**To do**
Return every line below as is, leaving out the pictures.

Start of Data section

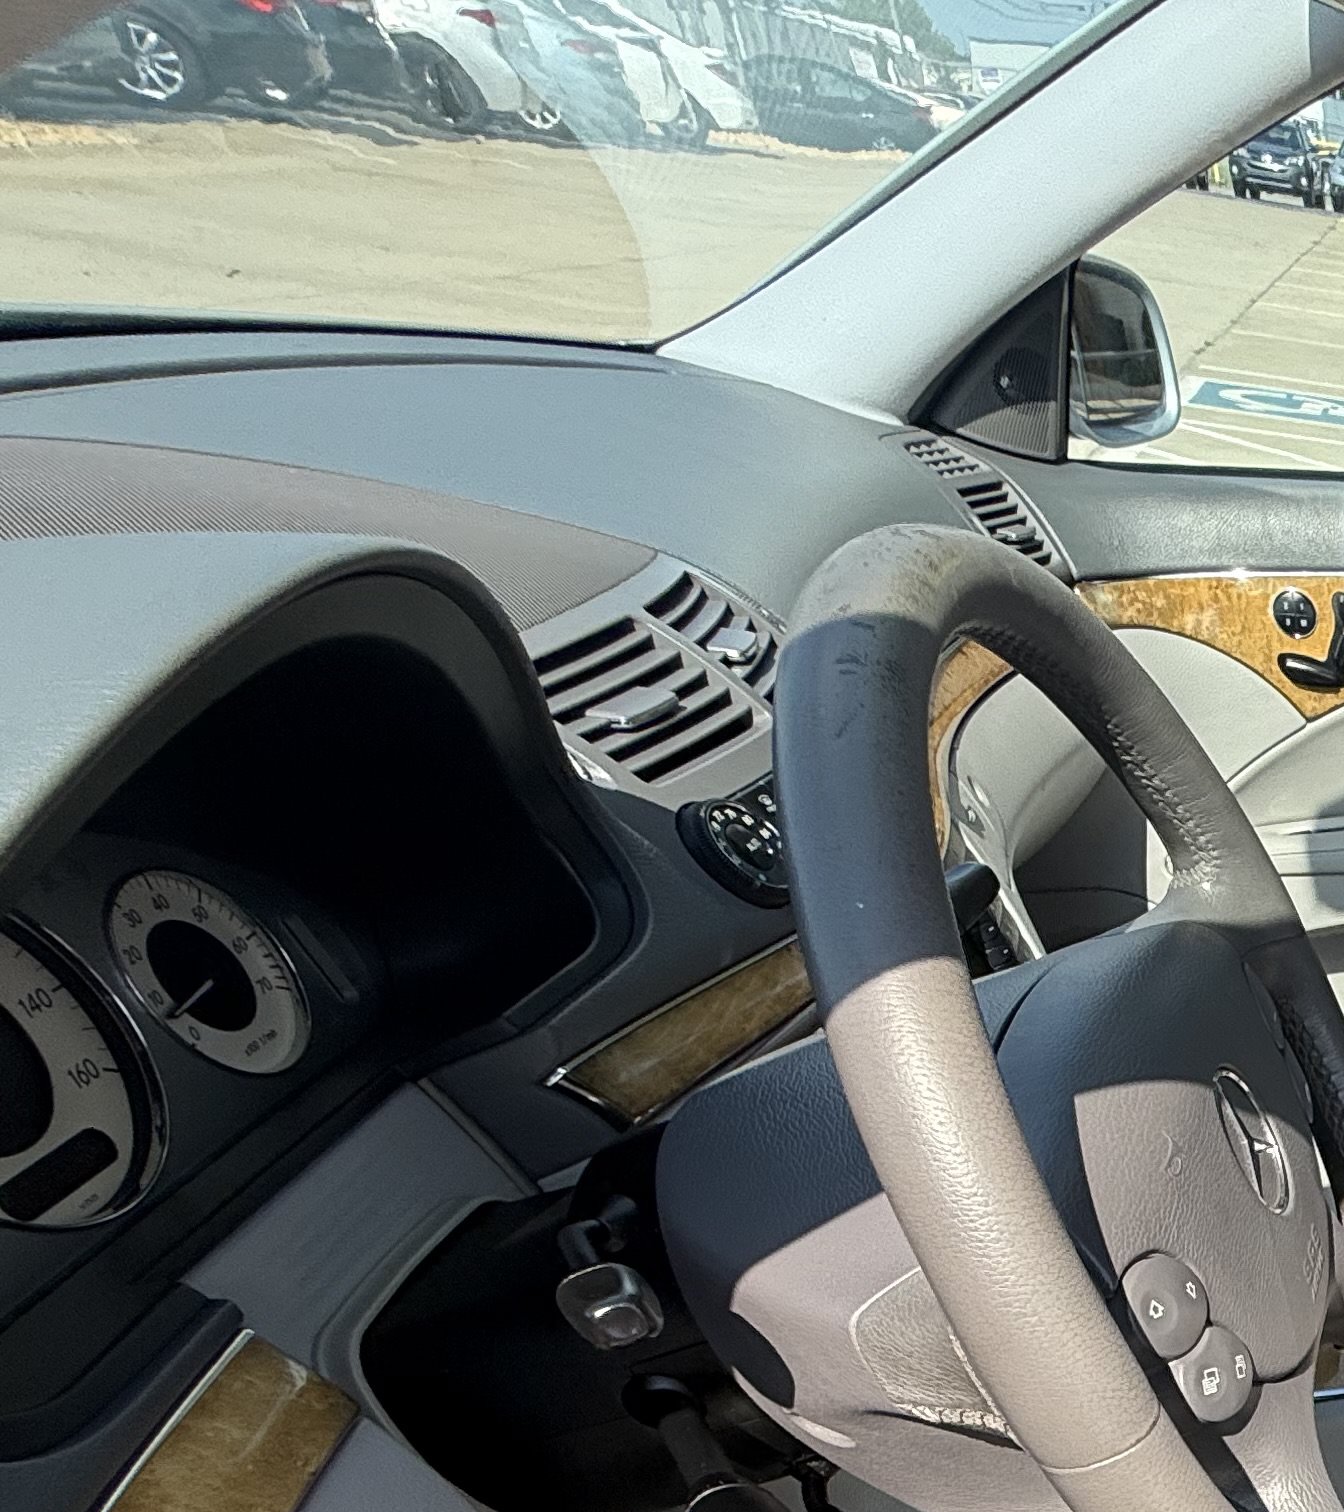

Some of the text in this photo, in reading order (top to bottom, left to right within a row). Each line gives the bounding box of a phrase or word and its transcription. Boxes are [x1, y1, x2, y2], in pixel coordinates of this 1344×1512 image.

[150, 893, 170, 913] 40
[191, 903, 210, 925] 50
[122, 908, 144, 929] 30
[122, 944, 142, 966] 20
[231, 933, 251, 956] 60
[256, 974, 274, 995] 70
[16, 987, 55, 1021] 140
[189, 1025, 202, 1042] 0
[66, 1056, 102, 1091] 160
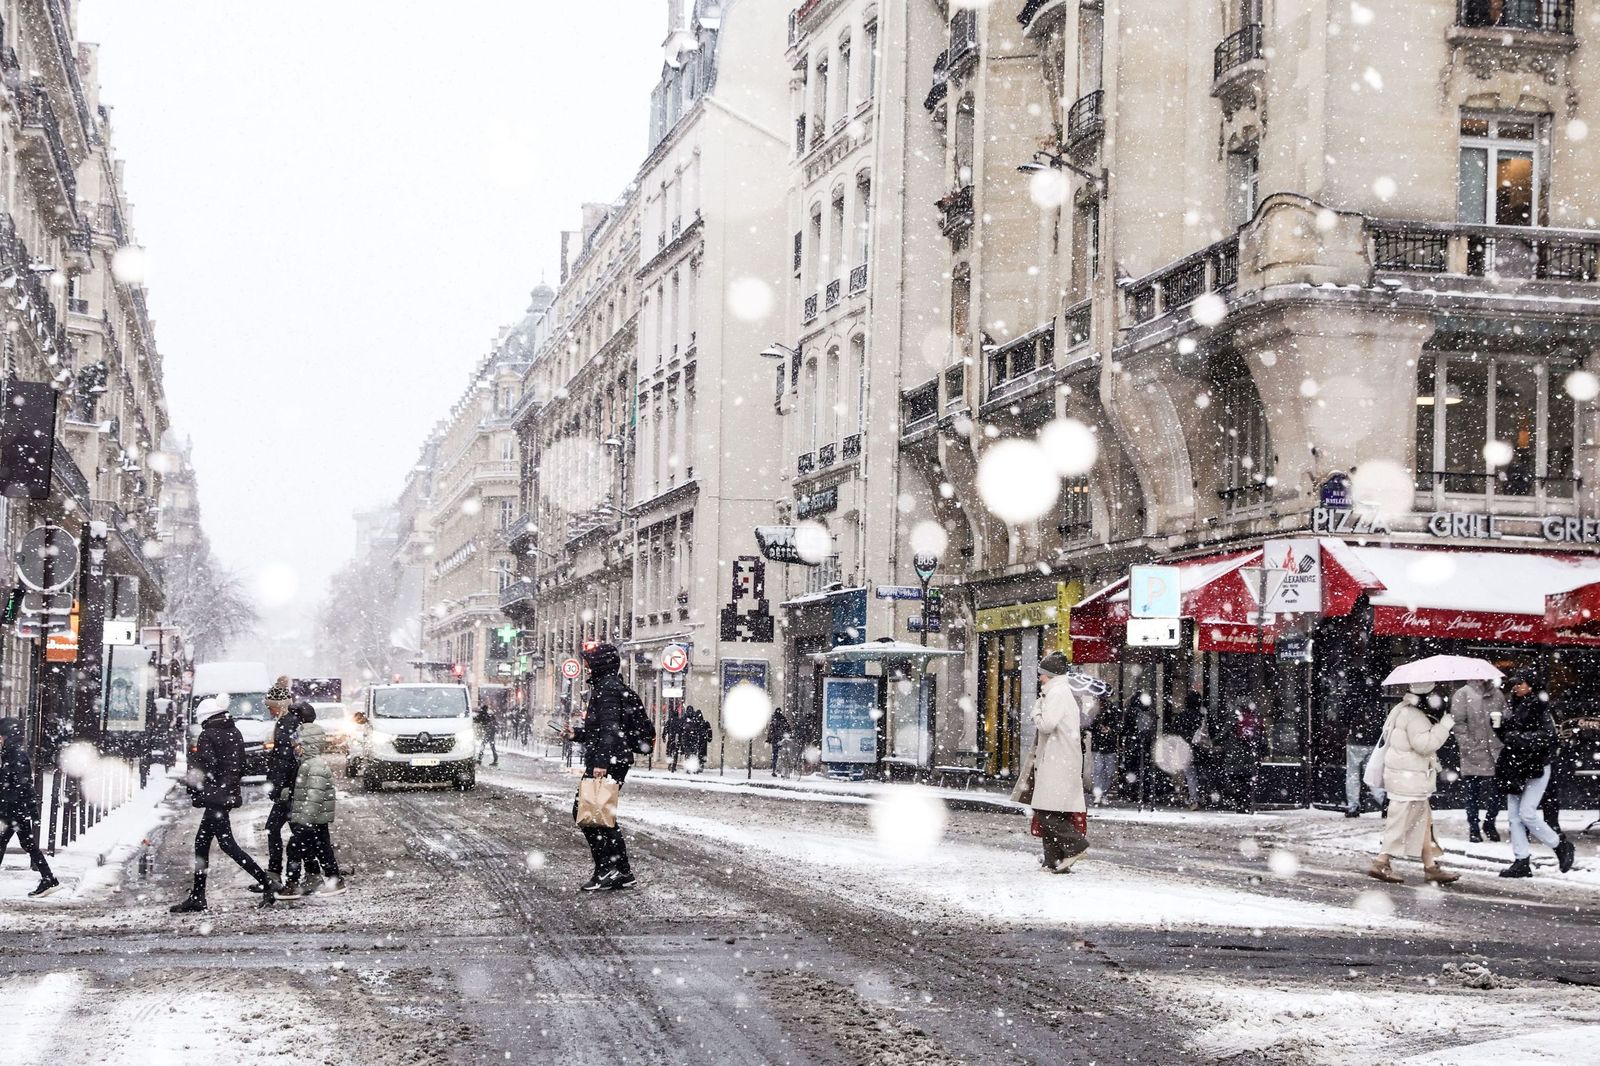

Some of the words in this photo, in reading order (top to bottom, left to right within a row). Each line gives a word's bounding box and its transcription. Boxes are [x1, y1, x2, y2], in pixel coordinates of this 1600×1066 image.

[1312, 507, 1392, 535] PIZZA
[1428, 510, 1502, 539] GRILL
[917, 553, 935, 566] BUS
[1147, 576, 1167, 606] P
[1446, 614, 1482, 631] London
[566, 664, 577, 673] 30

End of Data section

**Result for this exercise**
Some of the text in this photo, in reading order (top to bottom, left to right within a row). Each line gives the bounding box of a phrase or word and its transcription. Boxes are [x1, y1, x2, y2], in pixel coordinates of this 1344×1512 image.

[150, 893, 170, 913] 40
[191, 903, 210, 925] 50
[122, 908, 144, 929] 30
[122, 944, 142, 966] 20
[231, 933, 251, 956] 60
[256, 974, 274, 995] 70
[16, 987, 55, 1021] 140
[189, 1025, 202, 1042] 0
[66, 1056, 102, 1091] 160

Some of the words in this photo, in reading order (top to bottom, left to right within a row). Each line gives a word's bounding box and its transcription. Boxes are [x1, y1, x2, y2], in pixel coordinates of this 1600×1066 image.

[1312, 507, 1392, 535] PIZZA
[1428, 510, 1502, 539] GRILL
[917, 553, 935, 566] BUS
[1147, 576, 1167, 606] P
[1446, 614, 1482, 631] London
[566, 664, 577, 673] 30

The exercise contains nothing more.